According to the United States Census Bureau, the village has a total area of 0.85 sqmi, of which 0.83 sqmi is land and 0.02 sqmi is water.

==Demographics==

Historical population
| Census | Pop. | Note | %± |
| 1870 | 334 |  | — |
| 1880 | 323 |  | −3.3% |
| 1890 | 330 |  | 2.2% |
| 1900 | 315 |  | −4.5% |
| 1910 | 370 |  | 17.5% |
| 1920 | 457 |  | 23.5% |
| 1930 | 475 |  | 3.9% |
| 1940 | 463 |  | −2.5% |
| 1950 | 469 |  | 1.3% |
| 1960 | 443 |  | −5.5% |
| 1970 | 672 |  | 51.7% |
| 1980 | 649 |  | −3.4% |
| 1990 | 663 |  | 2.2% |
| 2000 | 528 |  | −20.4% |
| 2010 | 496 |  | −6.1% |
| 2020 | 454 |  | −8.5% |
| 2023 (est.) | 445 | Decrease | −2.0% |
U.S. Decennial Census

===2010 census===
As of the census of 2010, there were 496 people, 188 households, and 139 families living in the village. The population density was 597.6 PD/sqmi. There were 218 housing units at an average density of 262.7 /sqmi. The racial makeup of the village was 98.0% White, 0.4% African American, and 1.6% from two or more races.
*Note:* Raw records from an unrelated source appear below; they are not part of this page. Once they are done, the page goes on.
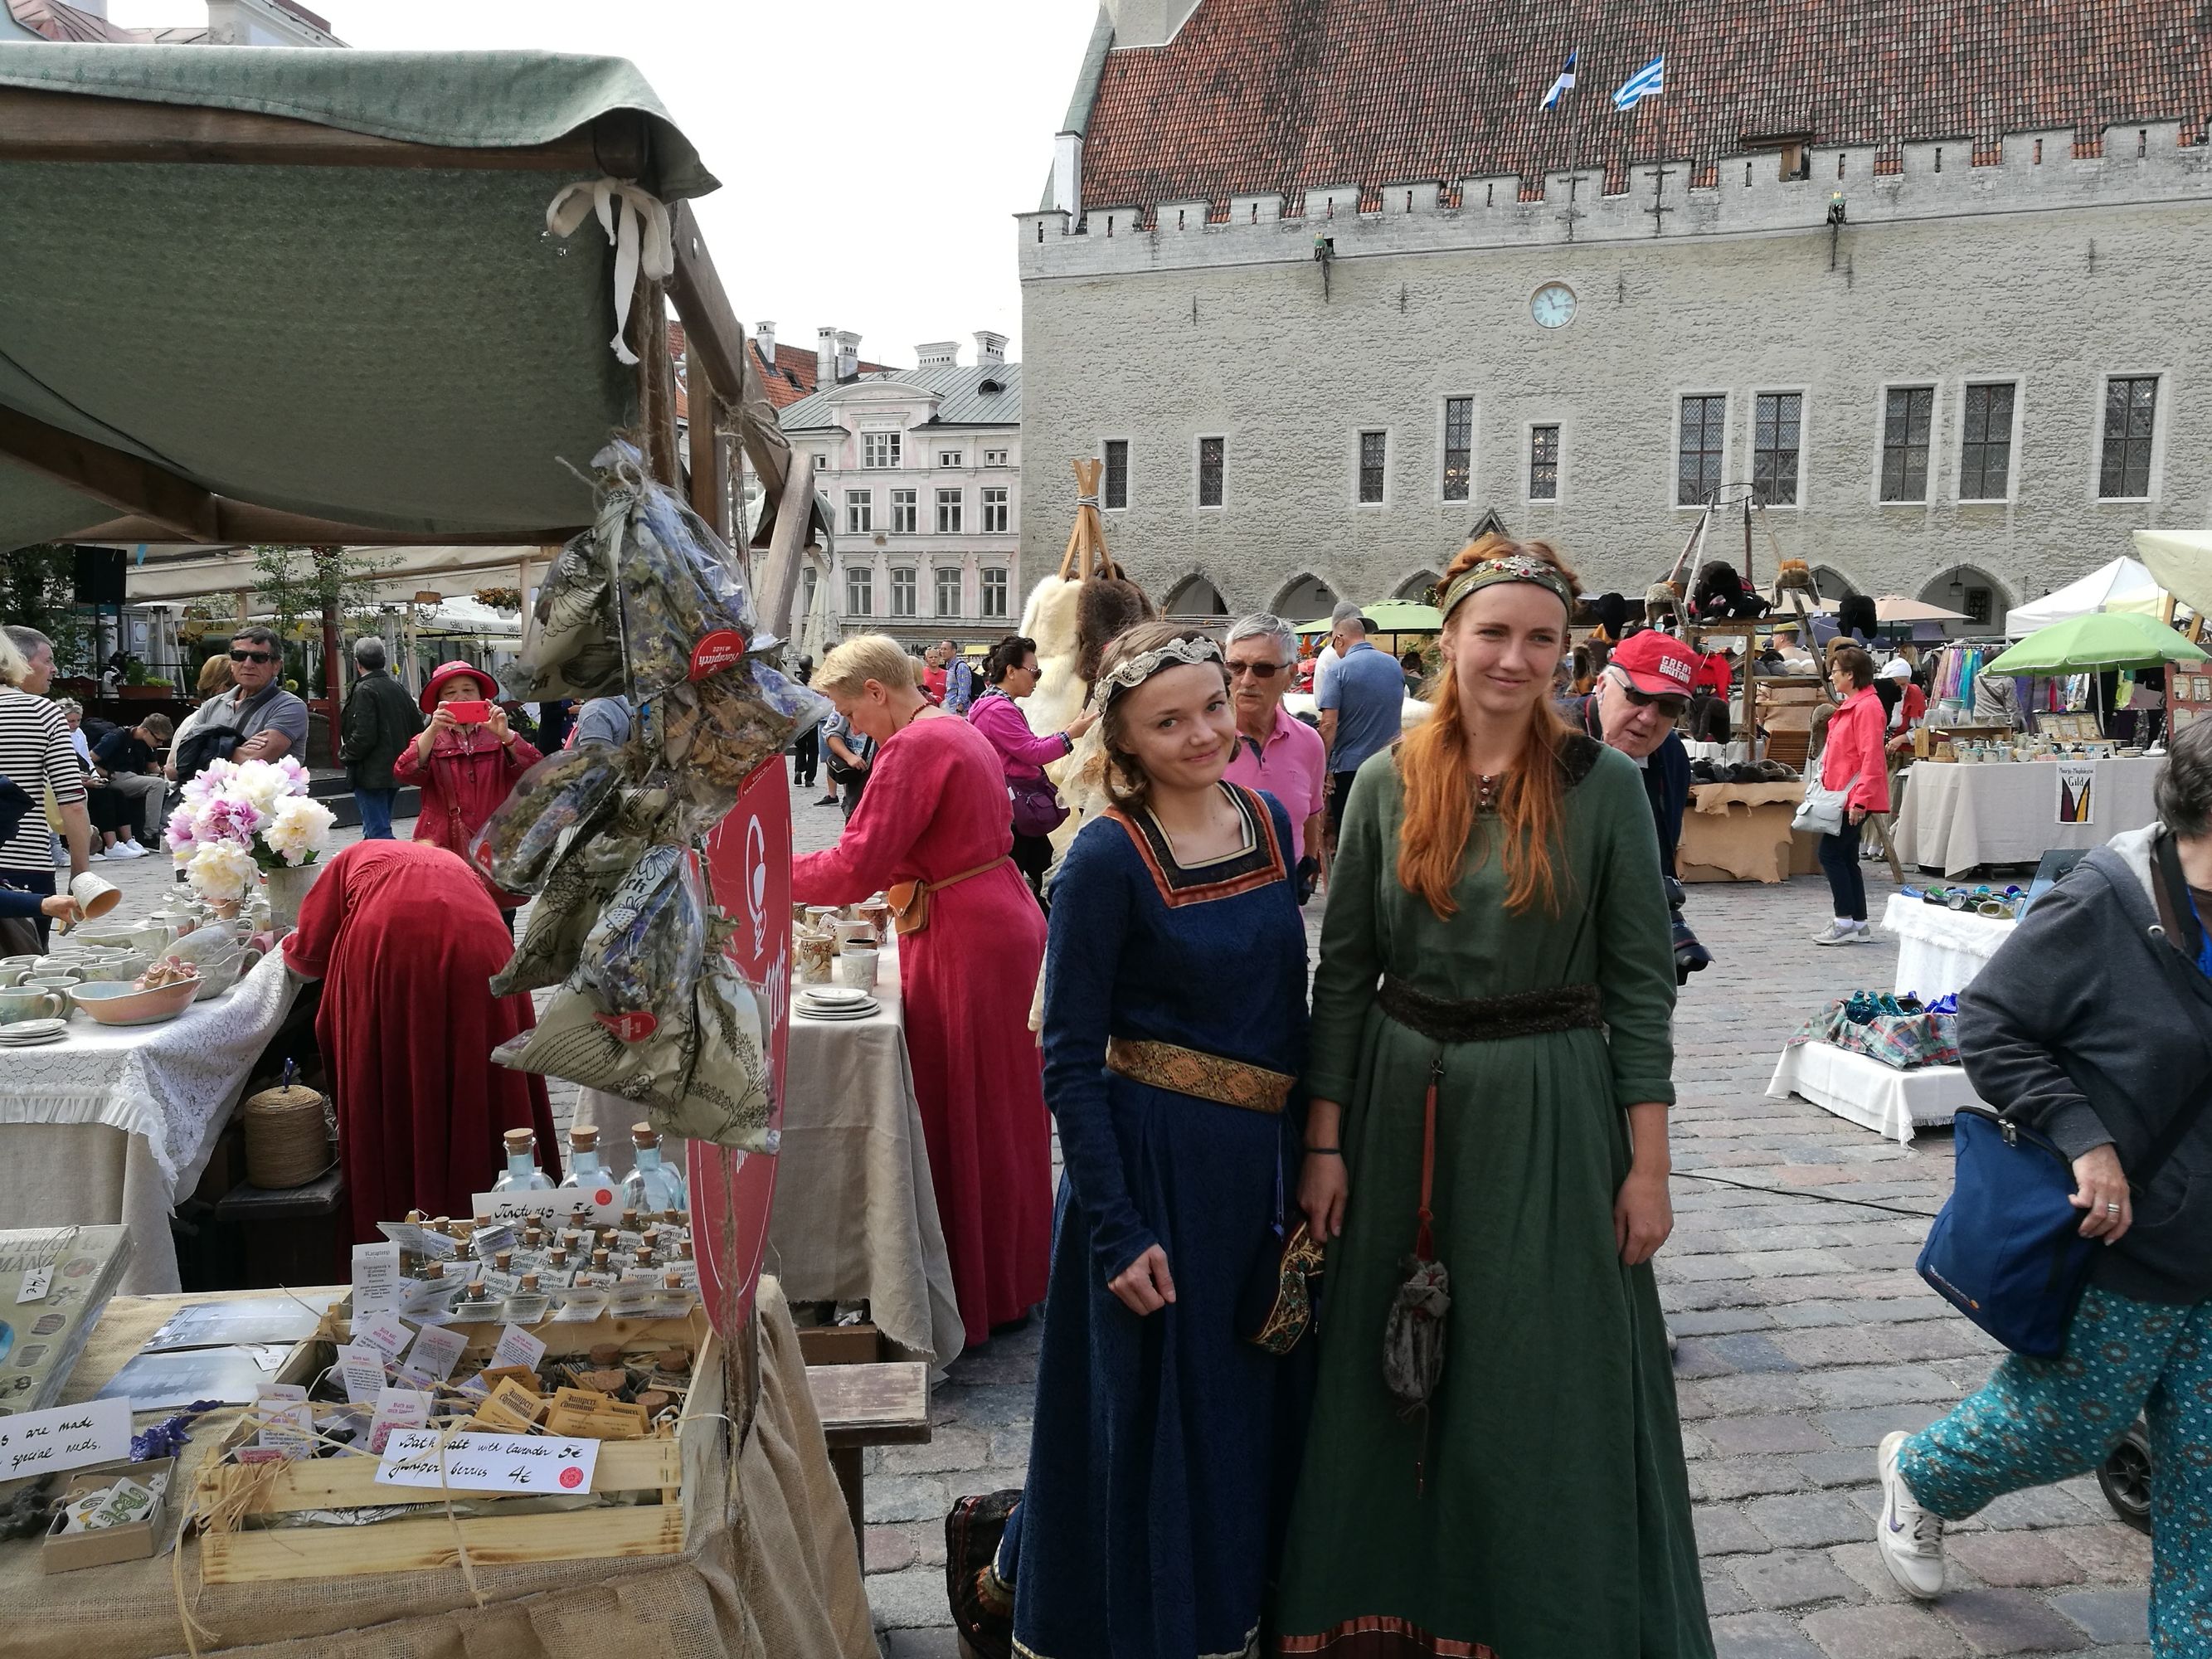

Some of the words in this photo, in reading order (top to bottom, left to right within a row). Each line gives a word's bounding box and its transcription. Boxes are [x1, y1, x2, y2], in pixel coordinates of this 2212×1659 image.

[1659, 664, 1691, 684] BRITAIN
[1661, 655, 1692, 674] GREAT
[2068, 776, 2083, 786] Gild
[26, 1427, 51, 1439] are
[58, 1416, 94, 1433] made
[399, 1433, 436, 1449] Bath
[478, 1443, 503, 1452] with
[506, 1443, 553, 1457] lavender
[12, 1447, 56, 1472] special
[450, 1462, 488, 1477] berries
[508, 1466, 531, 1484] 4€
Hispanic or Latino of any race were 0.2% of the population.

There were 188 households, of which 34.6% had children under the age of 18 living with them, 54.3% were married couples living together, 13.3% had a female householder with no husband present, 6.4% had a male householder with no wife present, and 26.1% were non-families. 21.3% of all households were made up of individuals, and 11.7% had someone living alone who was 65 years of age or older. The average household size was 2.64 and the average family size was 3.08.
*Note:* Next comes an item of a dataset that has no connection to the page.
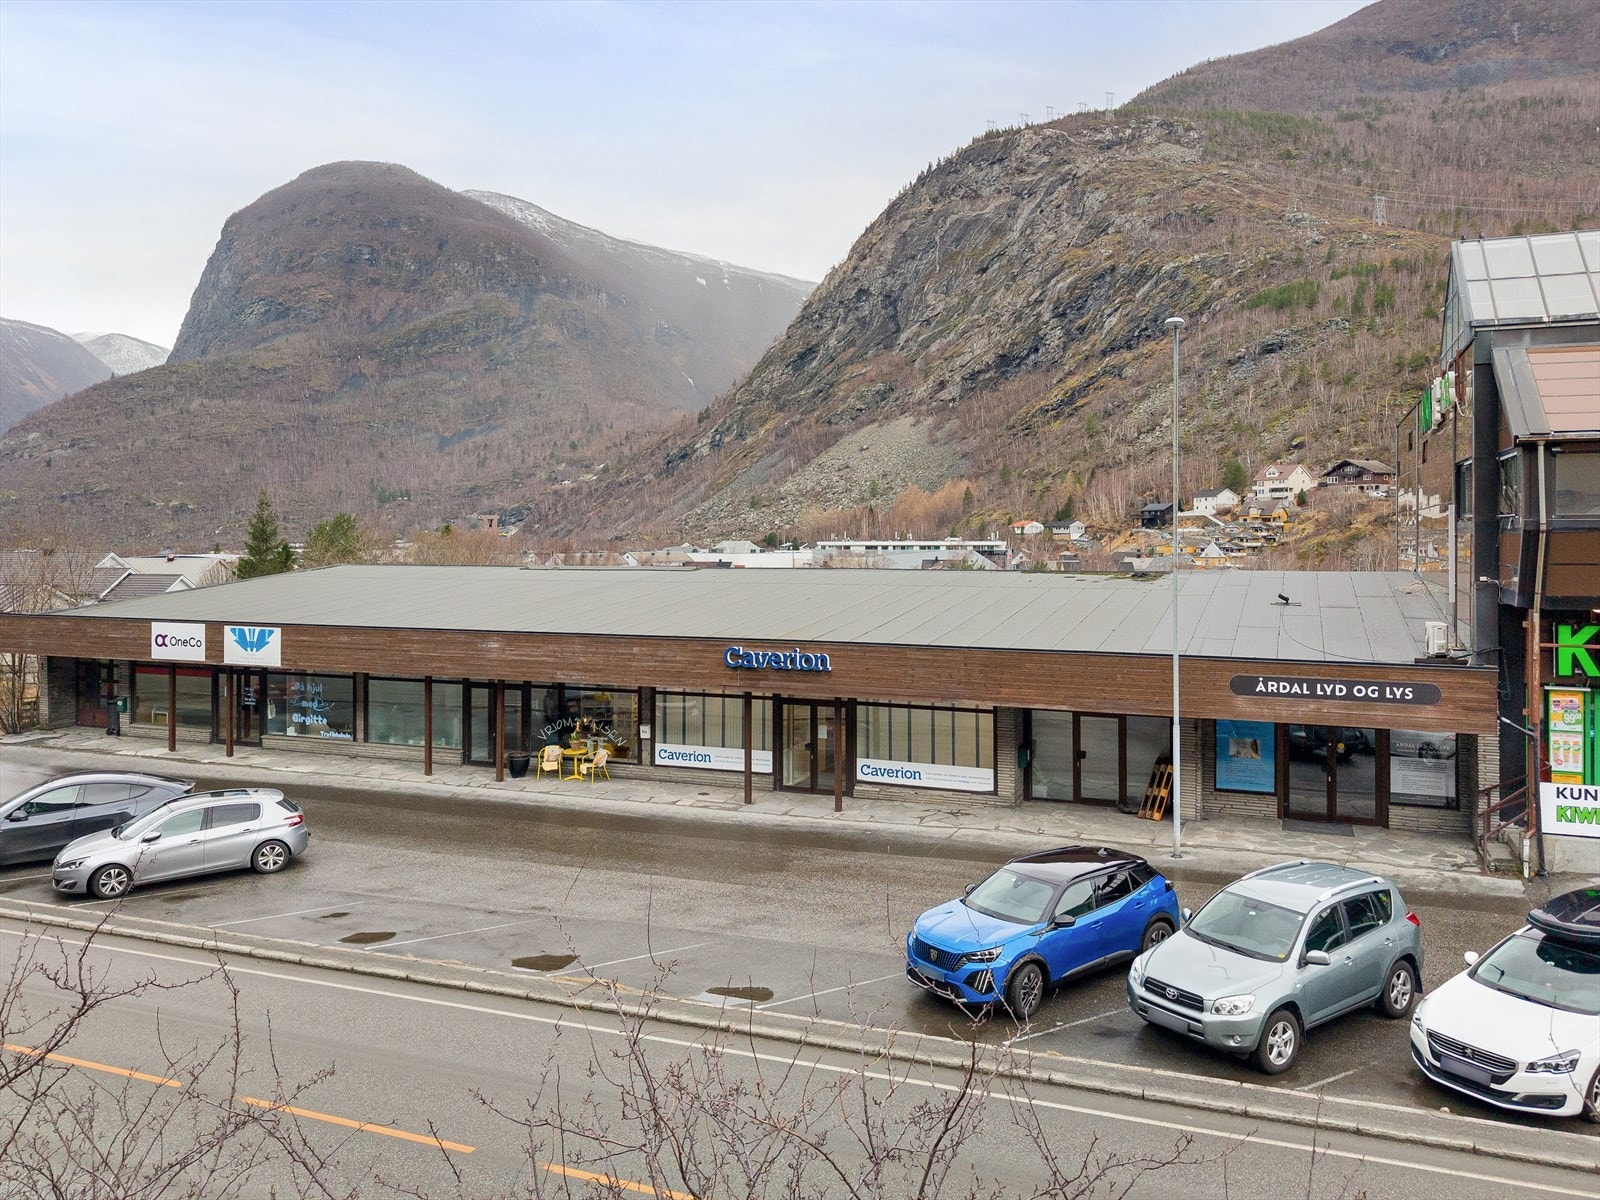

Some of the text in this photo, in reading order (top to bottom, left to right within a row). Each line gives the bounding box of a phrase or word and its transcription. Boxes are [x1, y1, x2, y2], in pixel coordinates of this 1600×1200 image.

The median age in the village was 39 years. 25% of residents were under the age of 18; 6.7% were between the ages of 18 and 24; 27.7% were from 25 to 44; 28% were from 45 to 64; and 12.7% were 65 years of age or older. The gender makeup of the village was 48.0% male and 52.0% female.

===2000 census===
As of the census of 2000, there were 528 people, 213 households, and 148 families living in the village. The population density was 627.1 PD/sqmi. There were 232 housing units at an average density of 275.5 /sqmi. The racial makeup of the village was 98.86% White, 0.38% from other races, and 0.76% from two or more races.

There were 213 households, out of which 29.6% had children under the age of 18 living with them, 53.5% were married couples living together, 11.7% had a female householder with no husband present, and 30.5% were non-families. 24.9% of all households were made up of individuals, and 14.6% had someone living alone who was 65 years of age or older. The average household size was 2.48 and the average family size was 2.94.
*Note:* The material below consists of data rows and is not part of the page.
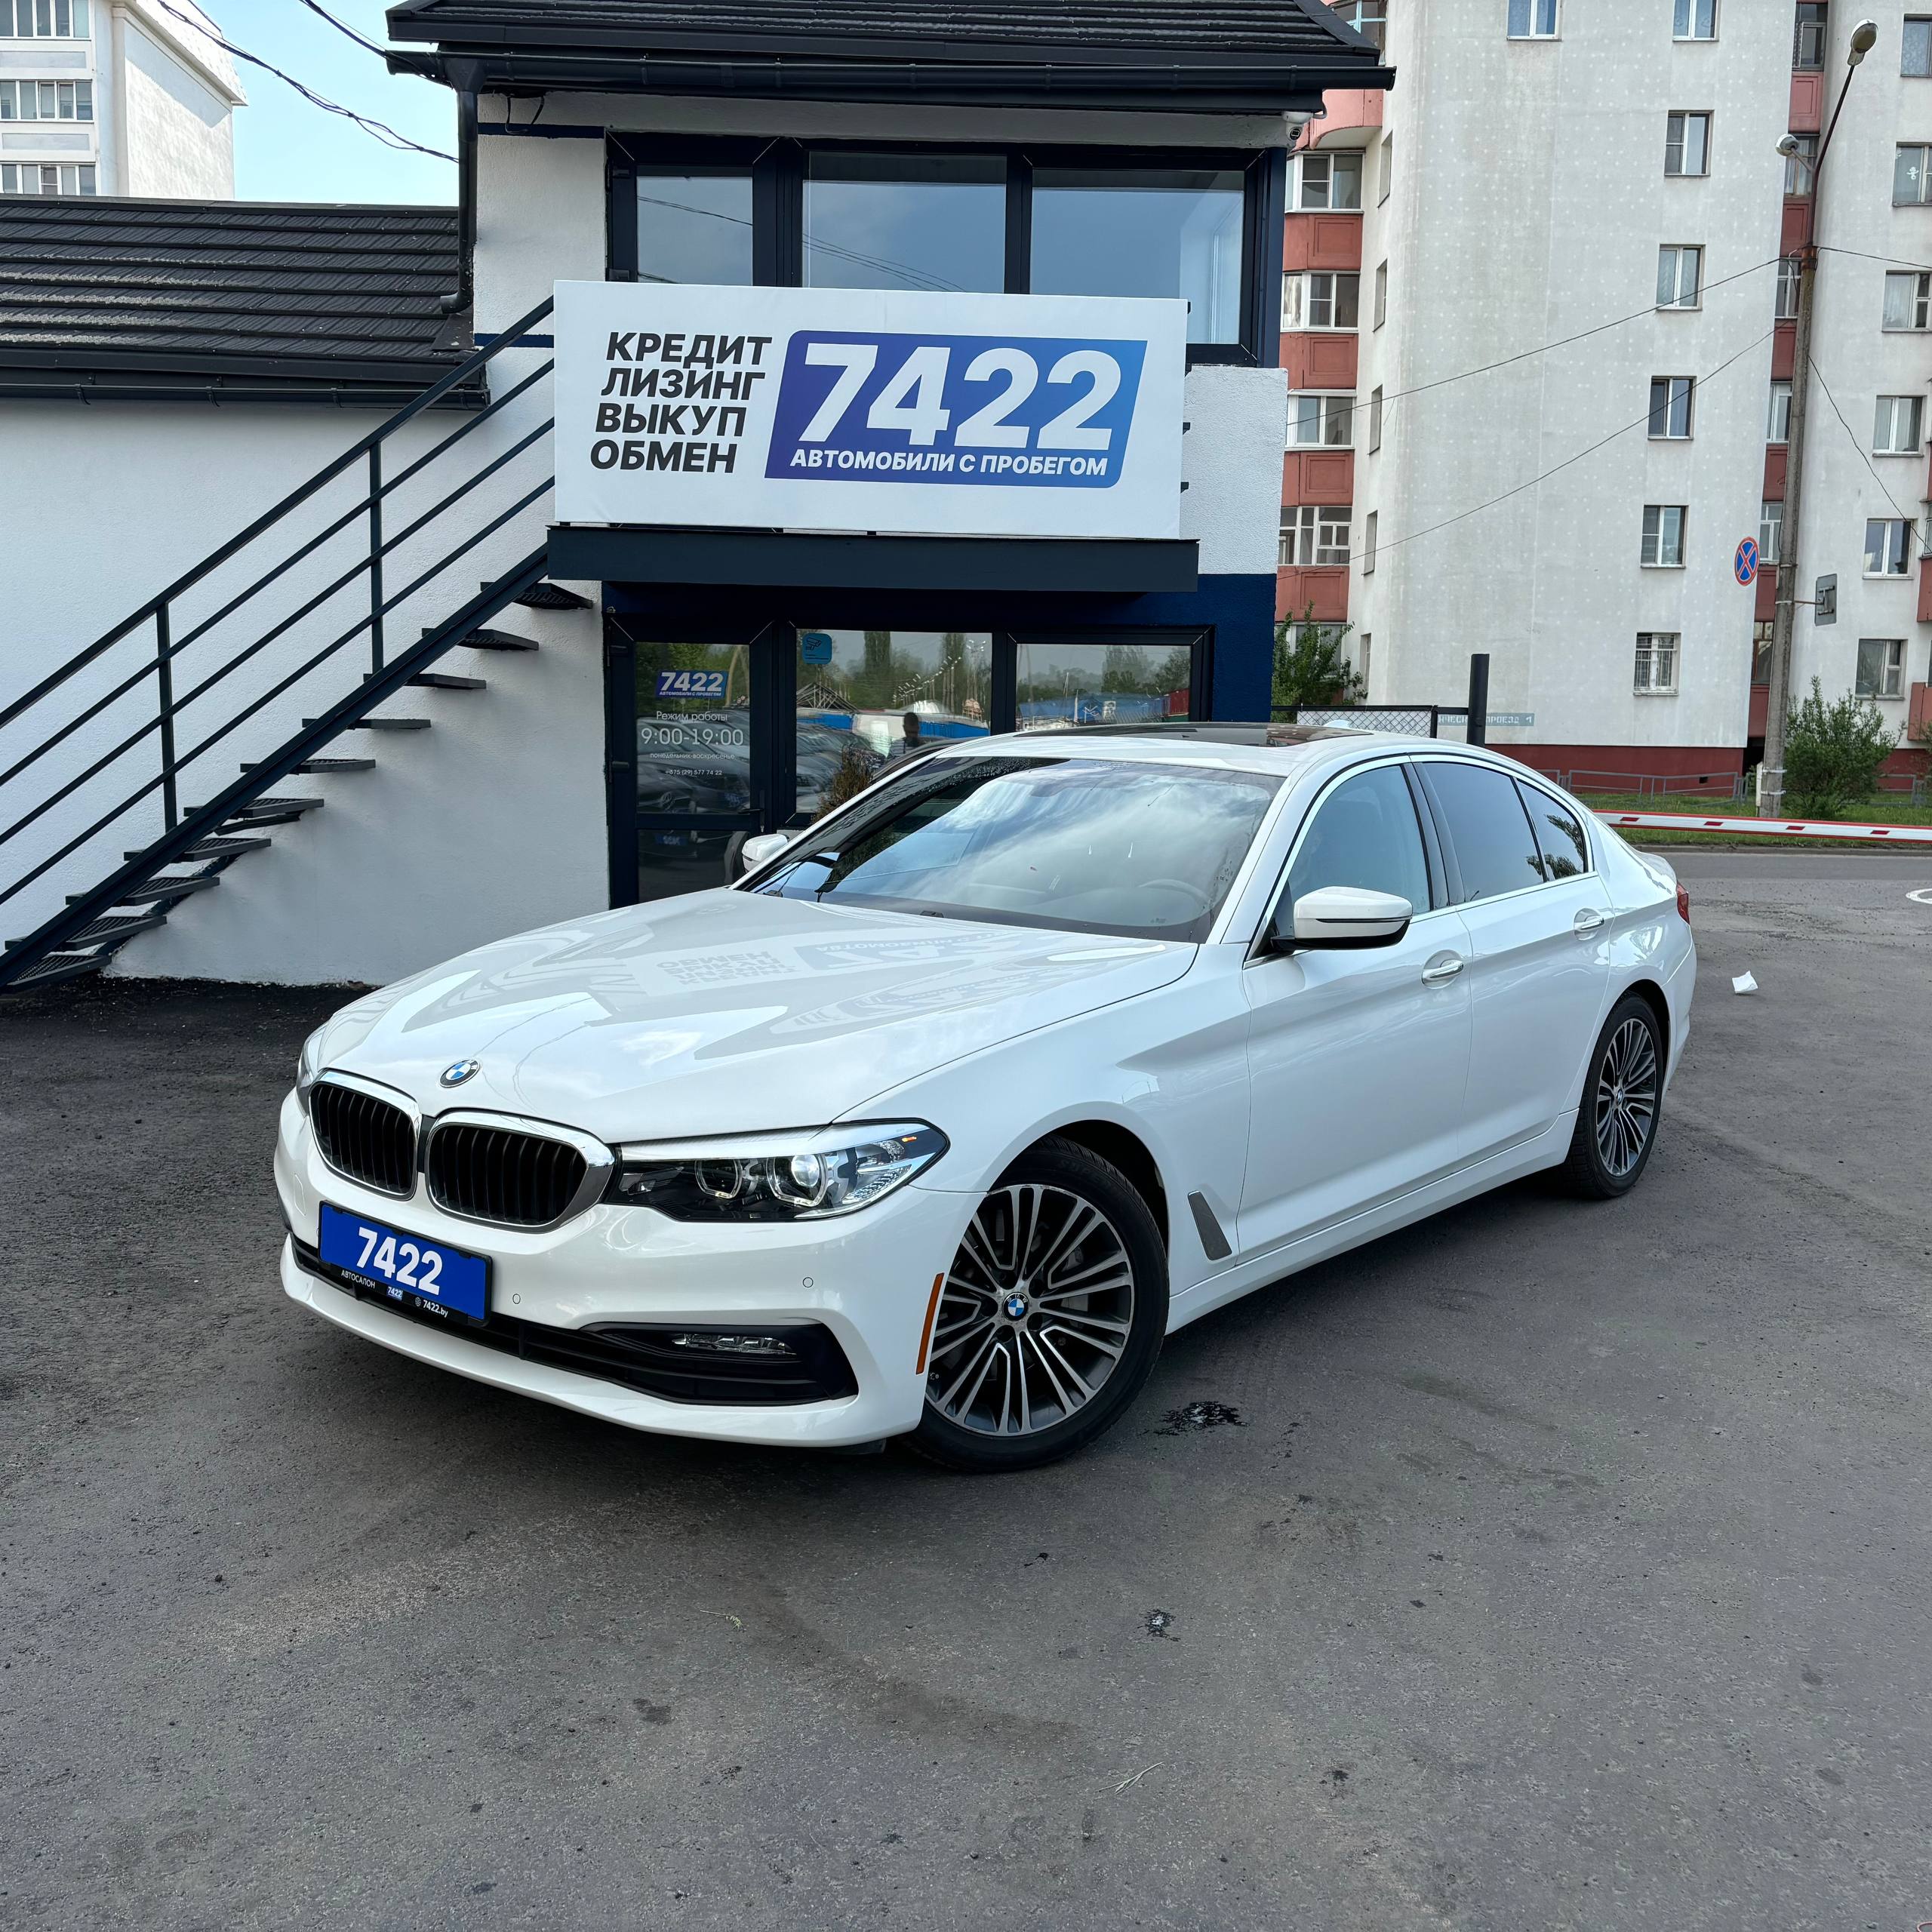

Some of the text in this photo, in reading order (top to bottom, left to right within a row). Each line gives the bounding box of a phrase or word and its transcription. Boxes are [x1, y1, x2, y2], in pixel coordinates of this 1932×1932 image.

[606, 332, 772, 369] КРЕДИТ
[601, 368, 766, 401] ЛИЗИНГ
[798, 343, 1122, 451] 7422
[596, 401, 747, 436] ВЫКУП
[590, 439, 737, 474] ОБМЕН
[790, 448, 1107, 475] АВТОМОБИЛИ С ПРОБЕГОМ
[661, 672, 724, 691] 7422
[657, 711, 728, 721] Режим работы
[641, 728, 744, 746] 9:00-19:00
[356, 1226, 443, 1296] 7422
[341, 1269, 376, 1289] АВТОСАЛОН
[387, 1286, 403, 1298] 7422
[423, 1300, 448, 1318] 7422.by
In the village, the population was spread out, with 25.9% under the age of 18, 6.4% from 18 to 24, 28.2% from 25 to 44, 24.1% from 45 to 64, and 15.3% who were 65 years of age or older. The median age was 36 years. For every 100 females there were 100.8 males. For every 100 females age 18 and over, there were 91.7 males.

The median income for a household in the village was $31,731, and the median income for a family was $37,500. Males had a median income of $38,889 versus $23,500 for females. The per capita income for the village was $17,639. About 12.0% of families and 15.6% of the population were below the poverty line, including 25.9% of those under age 18 and 18.3% of those age 65 or over.

==Education==
The residents of Coolville are served by the Federal Hocking Local School District and Federal Hocking High School in Stewart. Coolville has a public library, a branch of the Athens County Public Libraries.